The Hollywood Reporter writes that Warner Bros. Pictures and Maguire Entertainment, the production company of actor Tobey Maguire (Spider-Man), have acquired the film production rights for the Robotech military robot franchise from Harmony Gold USA. Maguire is considering playing the lead role for what the newspaper calls a "tentpole" franchise, or a property for which the studio expects will support it financially for much of a particular movie season.

Robotech was an edited and dubbed adaptation of three separate anime television series: The Super Dimension Fortress Macross, The Super Dimension Cavalry Southern Cross, and Genesis Climber Mospeada. Due to a copyright dispute that has Studio Nue and Big West, the creators and sponsor of Macross, facing against Harmony Gold's partner Tatsunoko Production, elements from Macross, the most popular of the three series, have not been used in recent and planned Robotech works onscreen.

Supercool Hollywood BigTime Prods' Drew Crevello and Kickstart Productions' Jason Netter will be producers, and Harmony Gold's Frank Agrama will be an executive producer. Craig Zahler (The Brigands of Rattleborge) has been assigned to write screenplay. Other executives overseeing the projects are Warner's Matthew Reilly and Maguire Entertainment's Daniel Shafer.

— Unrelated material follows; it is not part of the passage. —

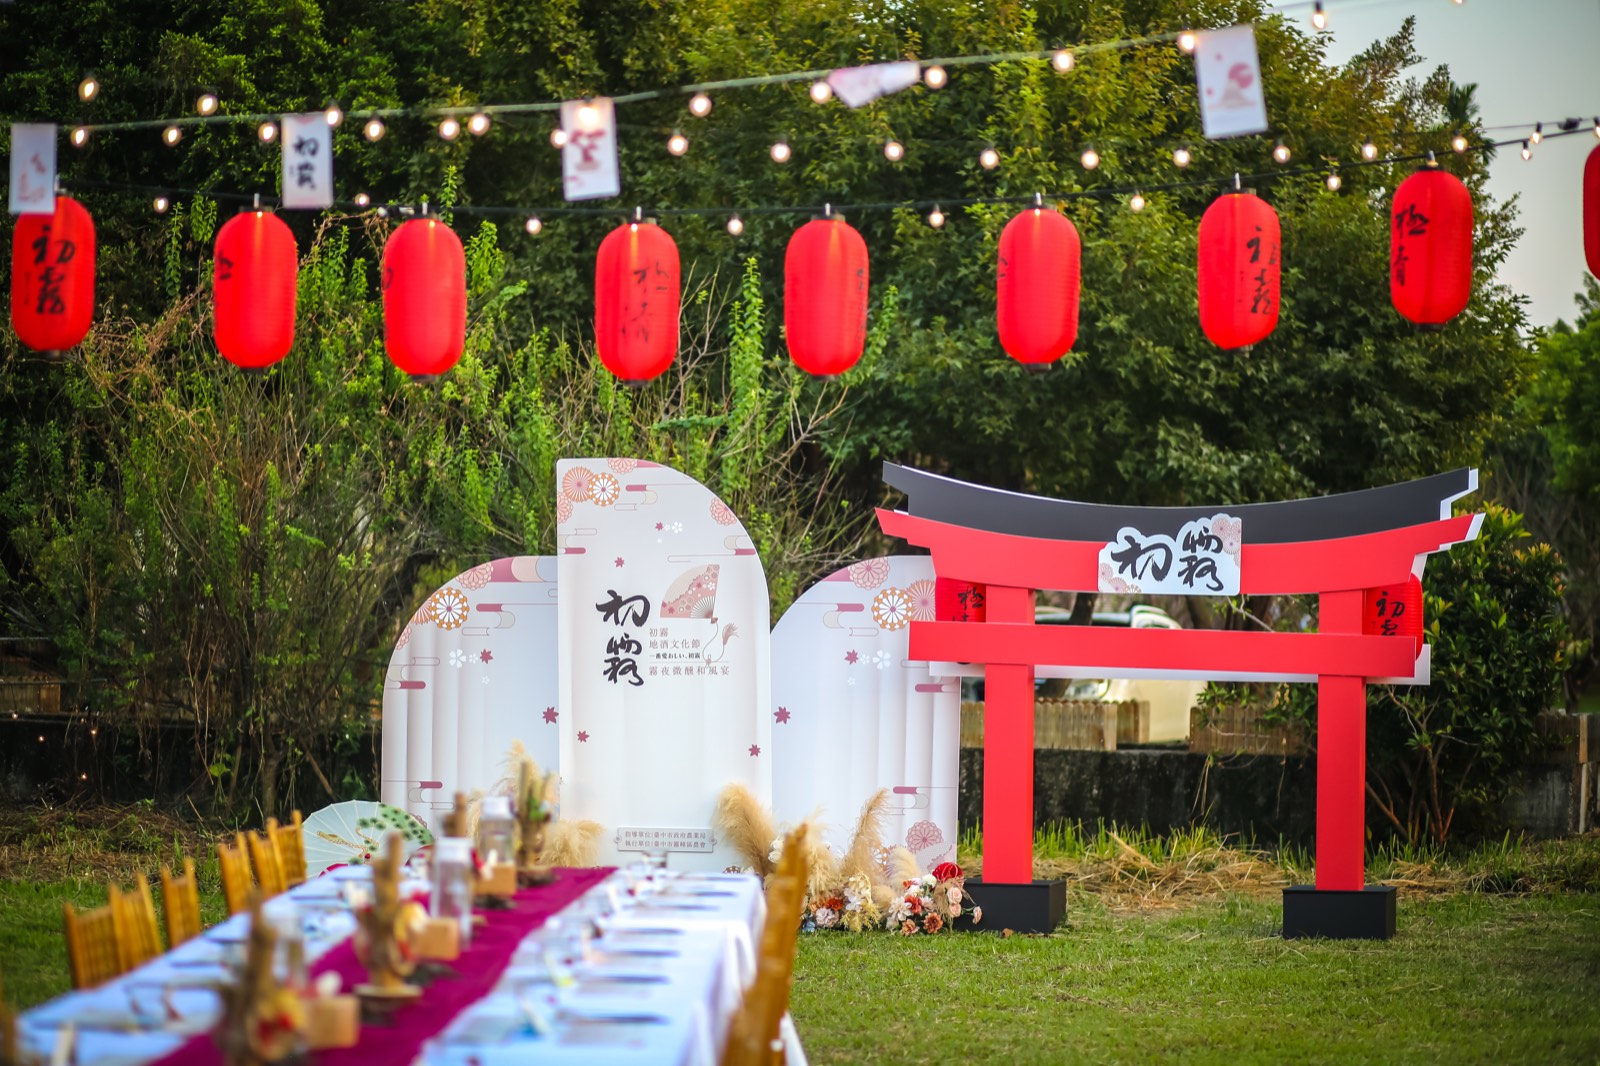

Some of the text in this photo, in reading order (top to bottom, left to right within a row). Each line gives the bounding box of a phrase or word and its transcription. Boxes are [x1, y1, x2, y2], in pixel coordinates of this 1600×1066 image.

Macross has had its own tabled attempt to make an American live-action film in the 1990s, and a new Macross Frontier television series, the latest of several animated spinoffs, in currently in production. An animated Robotech movie sequel, The Shadow Chronicles, came out in 2006 and a second one is planned. Other American giant robot movie efforts have included Altar Productions' Robot Jox (1990), PoleStar Entertainment Group's G-Saviour (2000), DreamWorks SKG's Transformers (2007), and New Regency Pictures' tentatively planned Voltron.